A renda per capita nacional poderia aumentar 2,7 vezes se a PTF fosse tão alta quanto a dos Estados Unidos, comparado a um aumento de 2 vezes em um país de renda média na América Latina e Caribe.
“Países como Chile e México, que passaram por um processo de profunda integração internacional e têm mercados bastante abertos, apresentam diferença de produtividade mais baixa em relação aos EUA”, informa o documento.
Cadeias de valor
A economia brasileira é uma das mais fechadas do mundo e isso também está na raiz dos problemas de produtividade, pois trava o acesso a tecnologias e conhecimentos que poderiam ser úteis para a indústria nacional.
O relatório traz um exemplo: “Em média, o Brasil tem mais restrições ao comércio de serviços do que a média na região da América Latina e Caribe, (...) com as pontuações mais restritivas nos serviços financeiros e profissionais, que são insumos críticos para o aumento da produtividade e concorrência”.
Essa barreira de integração às cadeias produtivas internacionais foi vencida pela Embraer depois da privatização. Para ser eficiente, a empresa busca peças e serviços nos quais consegue a melhor relação entre custo e benefício, dentro ou fora do país. Isso fez dela, simultaneamente, a segunda maior exportadora e a terceira maior importadora do Brasil, além de estabelecer uma cadeia competitiva de fornecedores locais.
Uma delas é a Globo Usinagem, indústria metalúrgica do interior de São Paulo. Wellington Martins, diretor de operações da companhia, conta que, desde a fundação (em 1987), a Globo Usinagem está com a Embraer.

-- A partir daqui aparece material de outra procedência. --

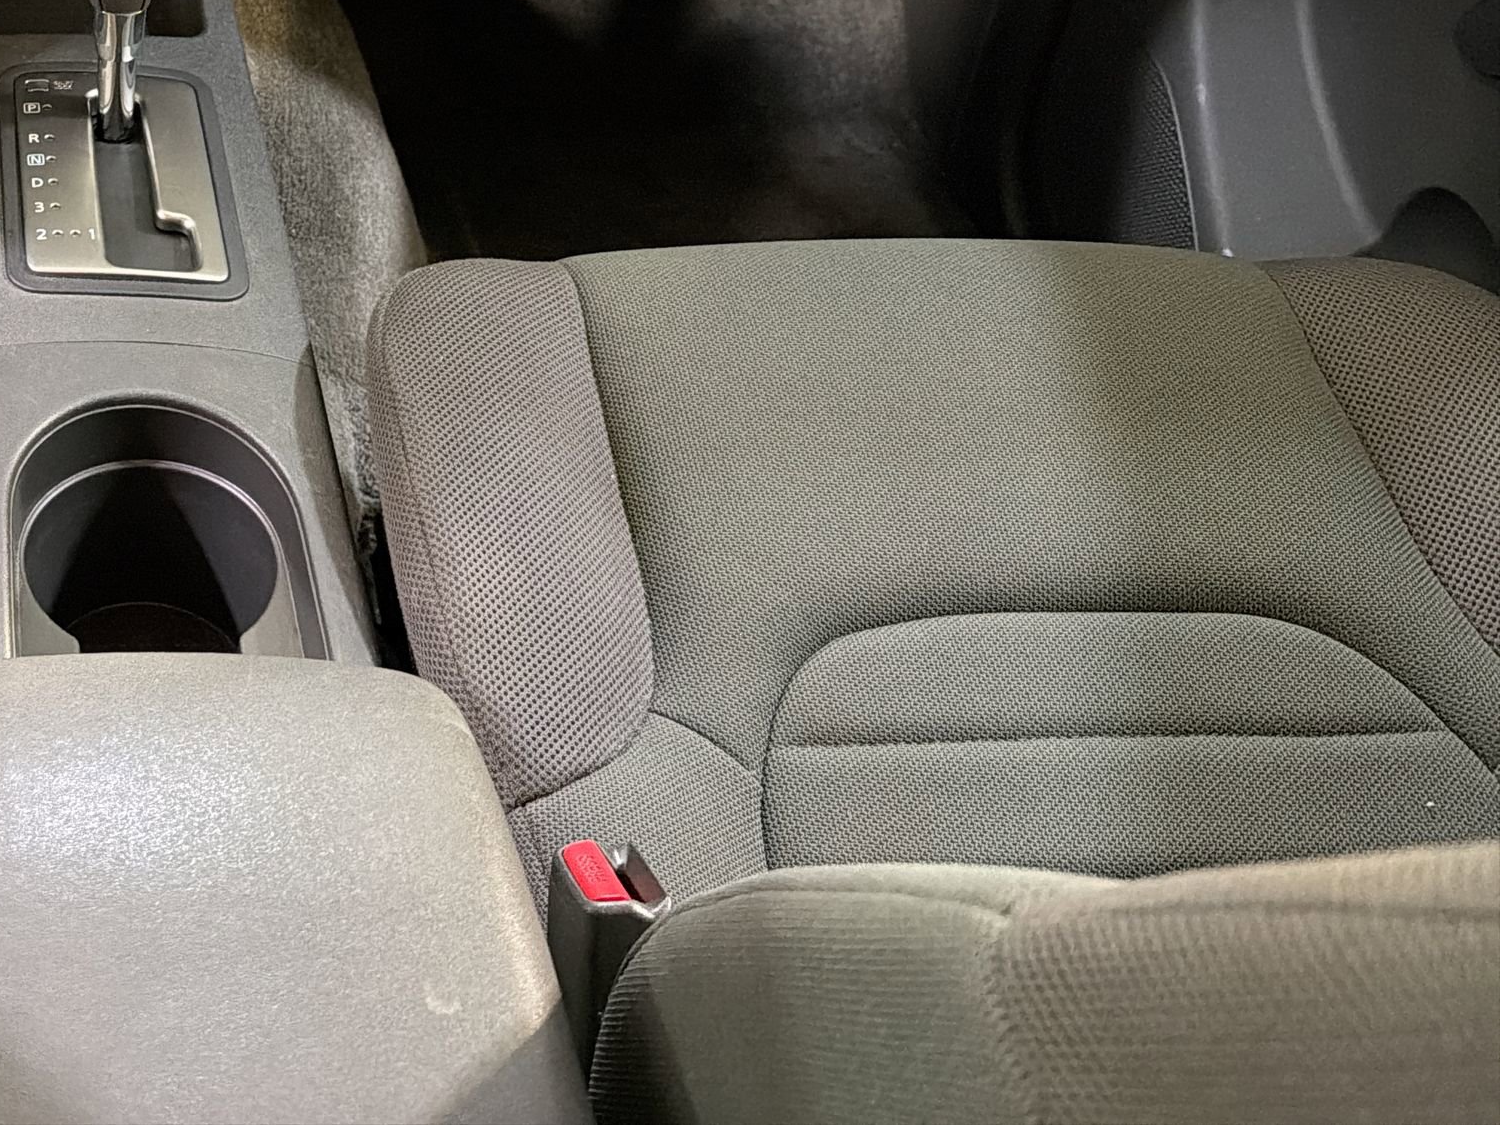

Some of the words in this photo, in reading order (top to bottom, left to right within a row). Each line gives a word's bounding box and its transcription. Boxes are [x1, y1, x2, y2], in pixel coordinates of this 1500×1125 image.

[27, 104, 37, 112] P
[28, 133, 40, 144] R
[31, 177, 44, 188] D
[34, 201, 45, 213] 3
[36, 228, 48, 241] 2
[88, 228, 96, 240] 1
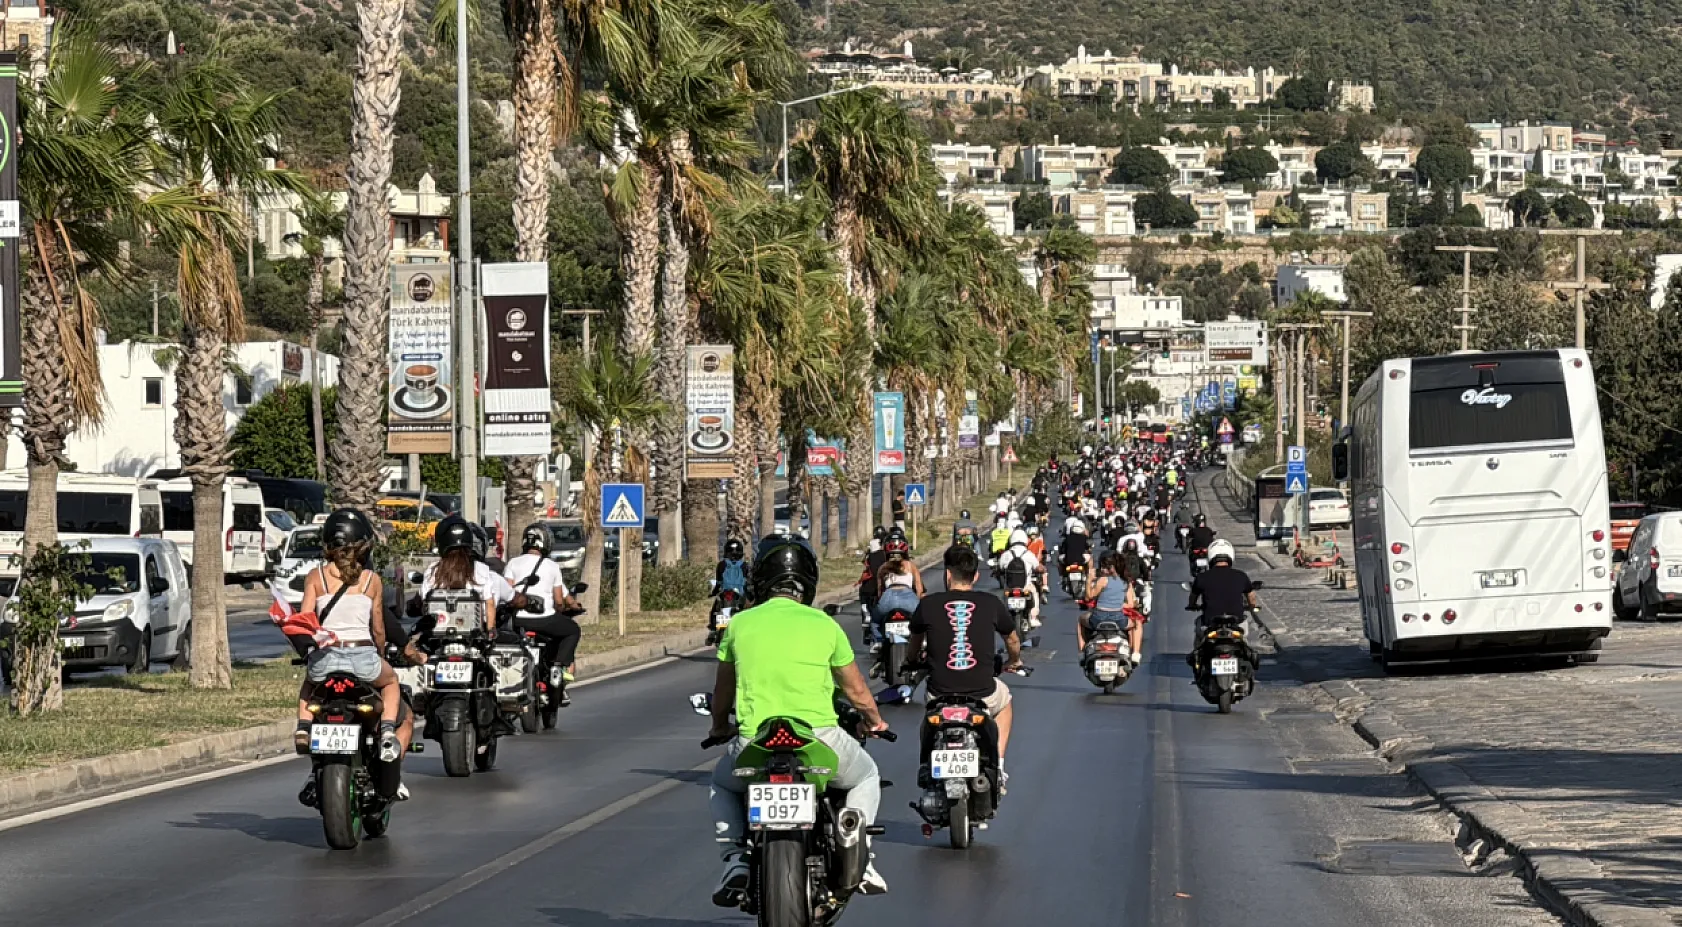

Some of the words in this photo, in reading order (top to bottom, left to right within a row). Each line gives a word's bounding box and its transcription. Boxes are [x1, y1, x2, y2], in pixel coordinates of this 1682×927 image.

[488, 412, 520, 423] online
[1292, 449, 1301, 460] D
[314, 727, 328, 736] 48
[332, 727, 355, 737] AYL
[326, 737, 348, 749] 480
[934, 753, 948, 762] 48
[951, 752, 975, 762] ASB
[947, 763, 968, 774] 406
[753, 787, 774, 801] 35
[779, 787, 810, 801] CBY
[768, 804, 799, 819] 097

Mas foi a partir da privatização da indústria aeronáutica que os saltos de produtividade começaram.
Desde então, a metalúrgica passou por uma série de programas de capacitação de fornecedores, tornando-se cada vez mais competitiva. Os padrões de qualidade exigidos pela empresa trouxeram clientes de outros setores, como a indústria automotiva e de óleo e gás.

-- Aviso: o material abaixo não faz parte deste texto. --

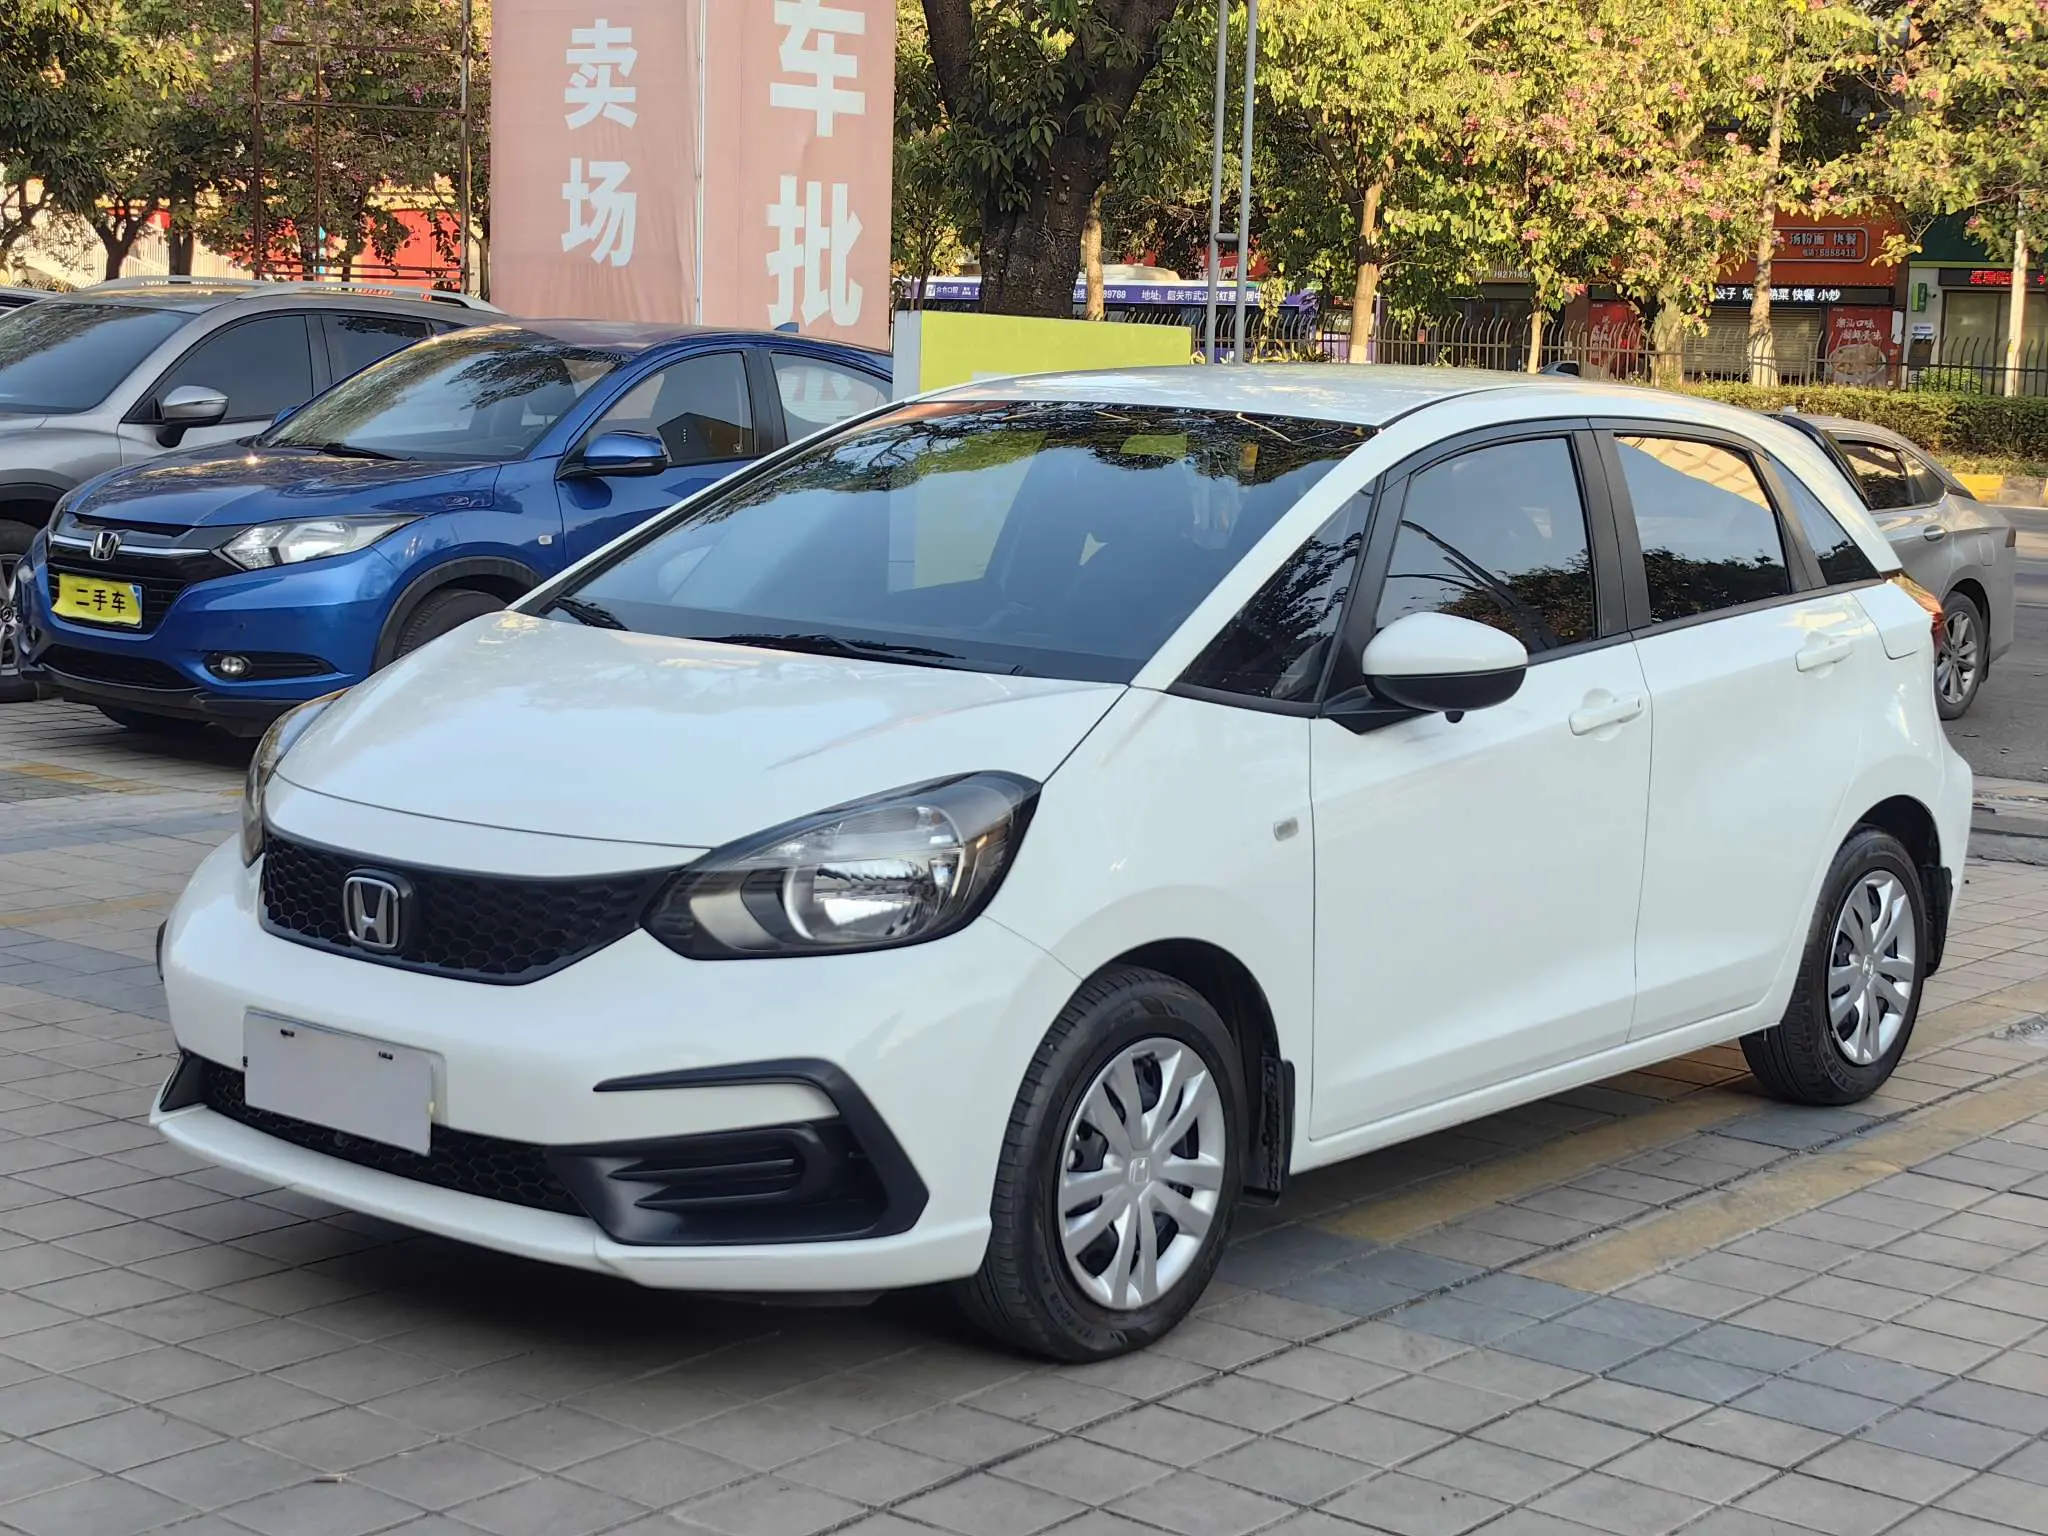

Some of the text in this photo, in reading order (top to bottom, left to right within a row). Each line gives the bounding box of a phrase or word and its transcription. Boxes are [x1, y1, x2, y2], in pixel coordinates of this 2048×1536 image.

Além disso, levaram a companhia a exportar parte de sua produção para os Estados Unidos e a Europa, e considerar até a possibilidade de investir em uma planta fora do país. “Você não cria uma cadeia de fornecedores locais com base em uma reserva de mercado artificial. Se houver isso, qual é o incentivo para que as empresas sejam eficientes?”, questiona Guimarães Pinheiro, gerente administrativo e financeiro da Globo Usinagem.

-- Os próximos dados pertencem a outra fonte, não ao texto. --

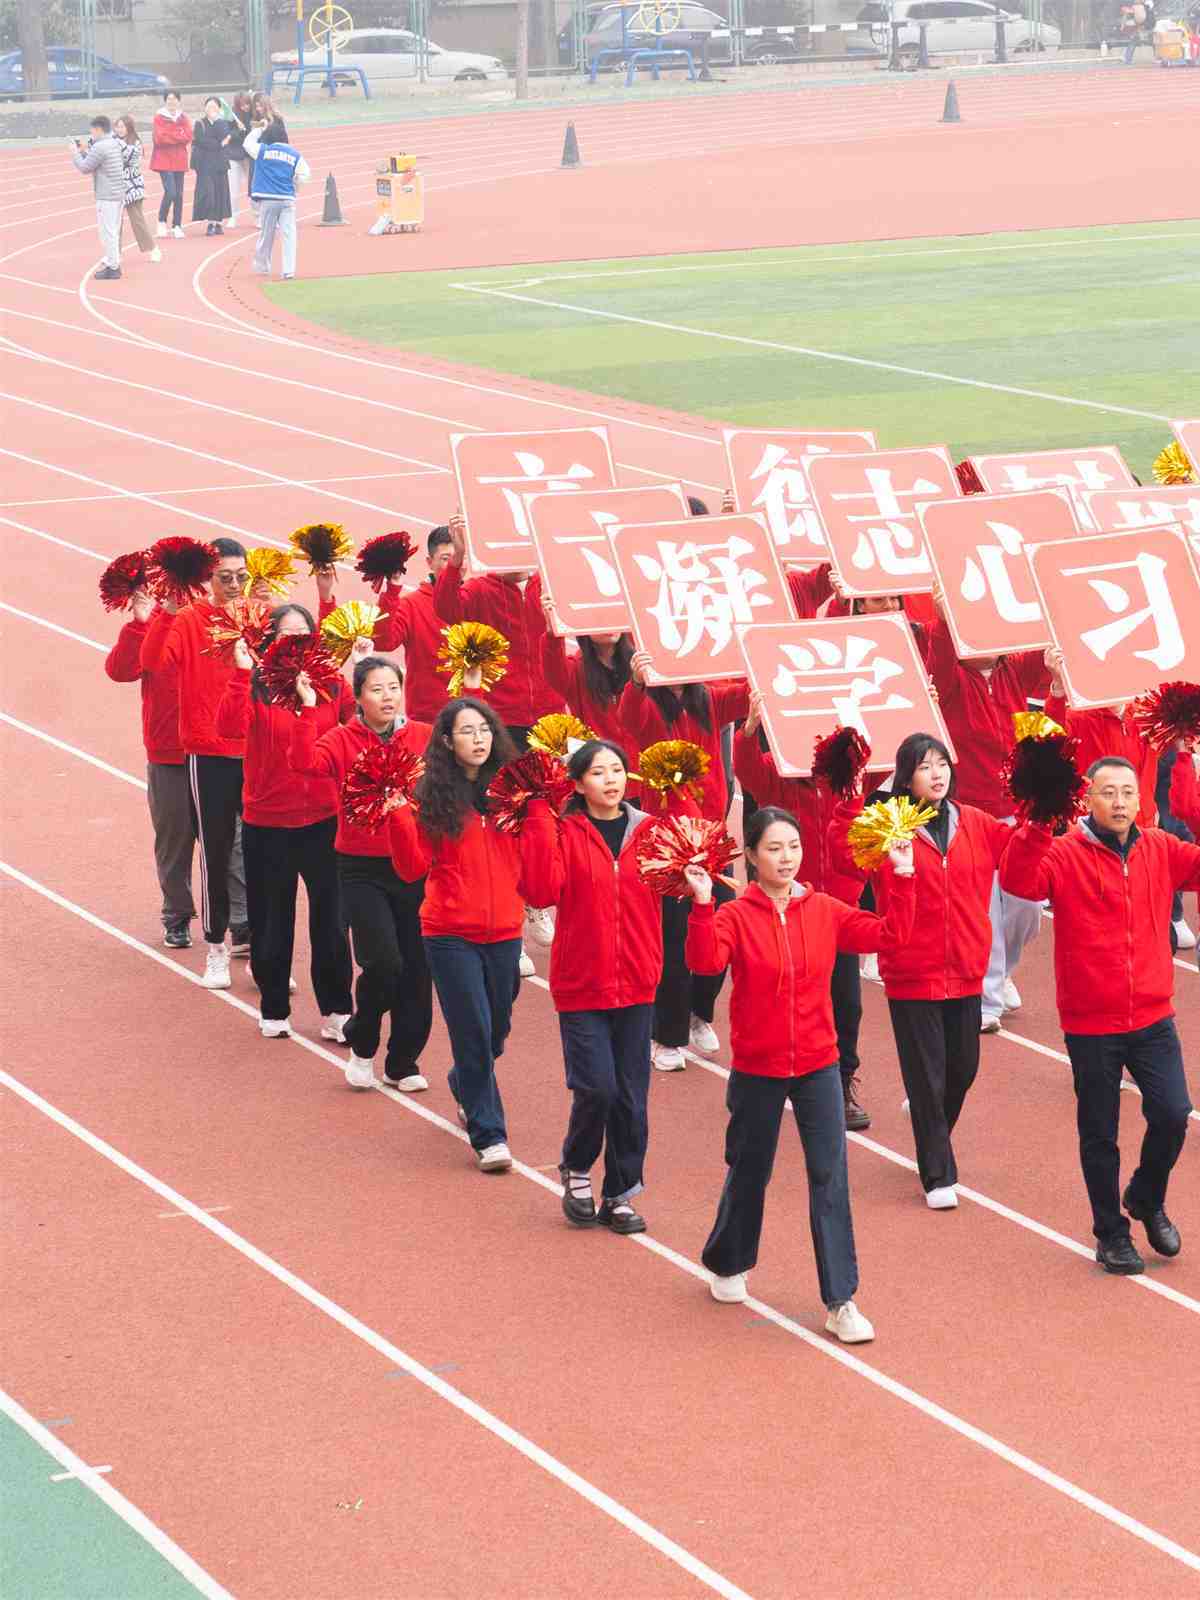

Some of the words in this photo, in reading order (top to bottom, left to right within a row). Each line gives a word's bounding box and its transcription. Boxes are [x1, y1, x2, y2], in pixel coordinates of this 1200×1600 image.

Prejuízo à competitividade
Na contramão da aposta de integração da Embraer às cadeias produtivas internacionais, estão as seguidas tentativas de fortalecer a indústria naval no país.
“Historicamente, os estaleiros brasileiros nunca foram competitivos sem o apoio do governo e sempre viveram de ciclos”, observa Jesus Cardoso, presidente do Sindicato dos Metalúrgicos do Município do Rio de Janeiro. “Temos de ser capazes de competir no mercado externo”.
Ao mesmo tempo, a obrigatoriedade de encomendar navios e plataformas a fornecedores nacionais mal preparados prejudicou seriamente a Petrobras, que teve de pagar mais caro pelos equipamentos e sofrer com atrasos que prejudicaram a expansão da produção de óleo e gás.
Para o economista Marcos Lisboa, do Insper, as muitas derrocadas da indústria naval brasileira simbolizam a ineficiência e as distorções provocadas por políticas mal dirigidas de apoio a empresas. “Ficamos isolados, tentando fazer tudo sozinhos e fazendo mal”, explica.
Reverter essa tendência é importante para retomar o crescimento da produtividade e gerar um crescimento econômico sustentável no país. Entre 1996 e 2015, o crescimento médio anual do PIB foi de 3%, muito abaixo da média de países como China e Índia (9% e 7%, respectivamente). E, mesmo assim, grande parte desse resultado se deve ao bônus demográfico de uma população jovem, que começa a envelhecer.
Em compensação, segundo o estudo, o Brasil pode crescer cerca de 4,5% ao ano se aumentar a taxa de produtividade para o nível registrado nos anos de 1960 e 1970.
Alguns caminhos propostos pelo estudo:
• Abrir mercados e reformar as regulamentações empresariais para aumentar a concorrência;
• Promover a reforma tributária;
• Acabar com subsídios ineficazes e destinar esses recursos para a inovação e o apoio aos trabalhadores em um momento de transição tecnológica e intensificação da concorrência;
• Definir objetivos claros para promover a produtividade, melhorar a coordenação de políticas públicas para o setor e avaliar cuidadosamente seus resultados.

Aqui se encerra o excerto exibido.